There are many options when choosing a new radiator for a stock replacement or performance build. So, how do you pick the right one?

Here’s a 101-style article that may help you figure that out.

How Radiators Work

Radiators work by transferring heat from the coolant to the air. As your engine runs, it increases the temperature of the coolant, which flows through a series of tubes within the radiator’s core. Integrated fins draw heat away from the tubes and transfer it to the air flowing through the radiator. Radiator material, size, thickness, tube/fin style, and airflow all factor into the efficiency of this process.

An OE replacement radiator is suitable for stock to mildly modified street vehicles. It’ll keep the engine at a safe operating temperature, and installation requires no modifications. Modified performance engines (especially with higher compression or forced induction) will benefit from upgrading to a larger aftermarket radiator.

The good news is, that you’ve got plenty of radiator options either way.

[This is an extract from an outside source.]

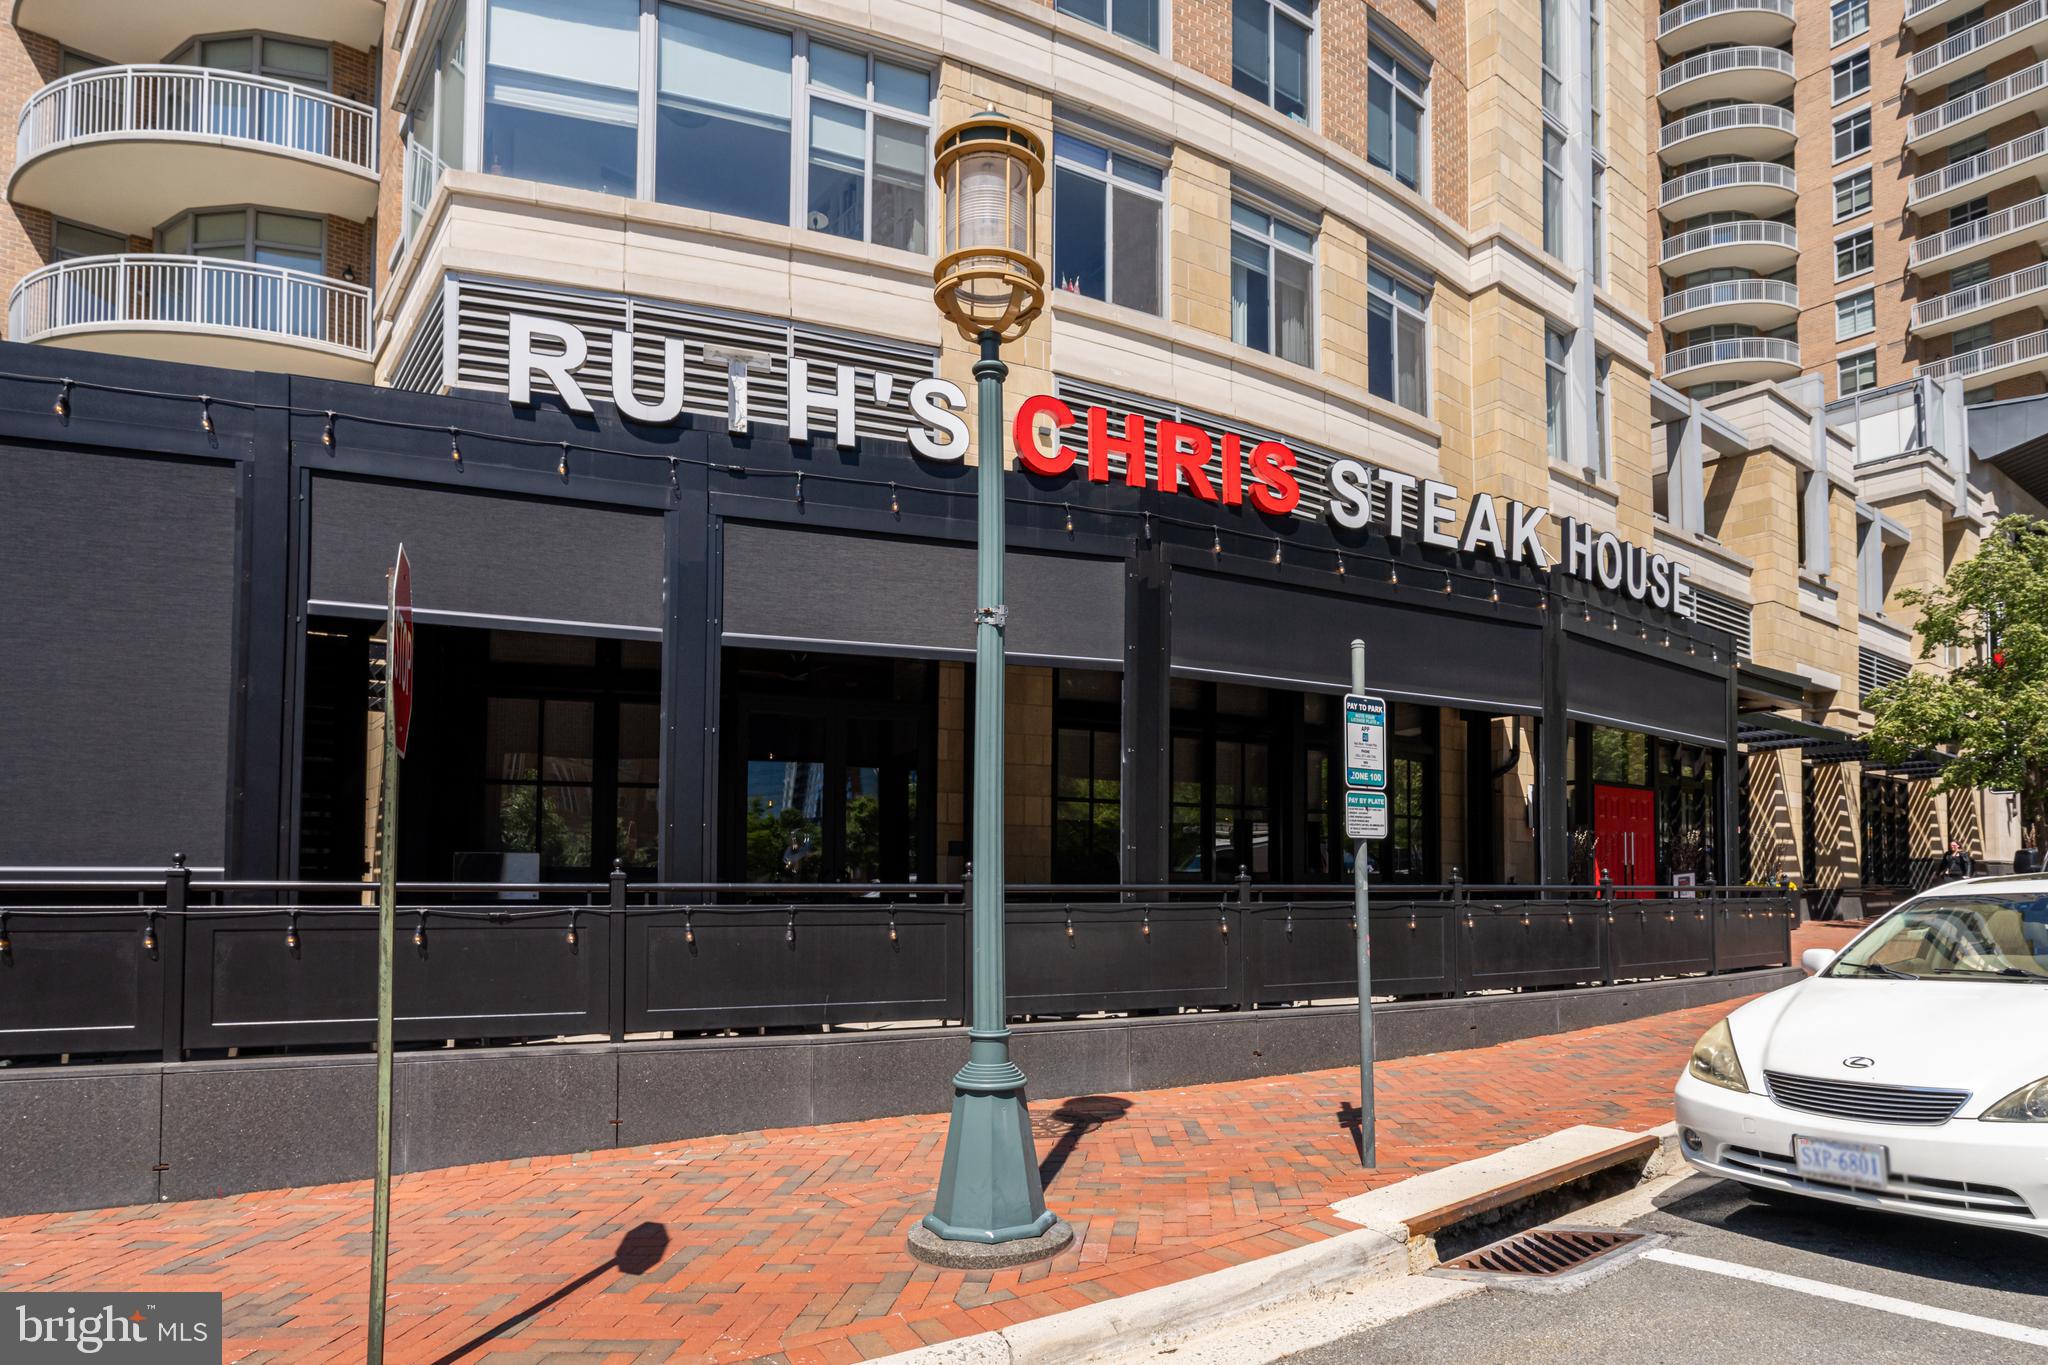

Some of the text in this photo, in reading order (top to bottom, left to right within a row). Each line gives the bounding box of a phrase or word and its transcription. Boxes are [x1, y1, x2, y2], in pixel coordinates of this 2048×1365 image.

Choosing the Best Radiator for Your Vehicle

For starters, there are direct-fit performance radiators that deliver superior cooling over stock and install with few or no modifications. Universal radiators work well for custom applications; you must determine the dimensions and inlet/outlet configuration, and installation will most likely require fabrication.

Here’s a cutaway showcasing a two-core aluminum radiator, left, and a four-core brass radiator, right. (Image/Summit Racing)

With older copper/brass radiators, more rows of tubing meant better cooling. However, it also made the radiator much thicker, restricting airflow and reducing efficiency. Modern radiators constructed with aluminum cores are more robust than brass. The tubes can be wider with less dead space and have more surface area without significantly increasing radiator thickness.

Don’t Forget about the Fan(s)

Also, keep in mind that as the radiator’s core thickness increases, so should the cfm of the fan. Drawing
enough air through the radiator at lower vehicle speeds is essential to maintaining sufficient heat
transfer; not enough airflow and you end up with a reservoir of hot coolant.

Upgrading to an electric fan (instead of an engine-driven fan) is usually the best option since
it can run at full speed regardless of engine rpm. It also reduces parasitic drag and water pump bearing load, provides faster cold weather warm-ups, and improves A/C performance.

ford contour electric fans with a dewitts radiator in a vintage chevy Chevelle
Our pal Jeff Smith did an electric fan conversion on a friend’s big block Chevy engine. Read his thoughts on that here. (Image/Jeff Smith)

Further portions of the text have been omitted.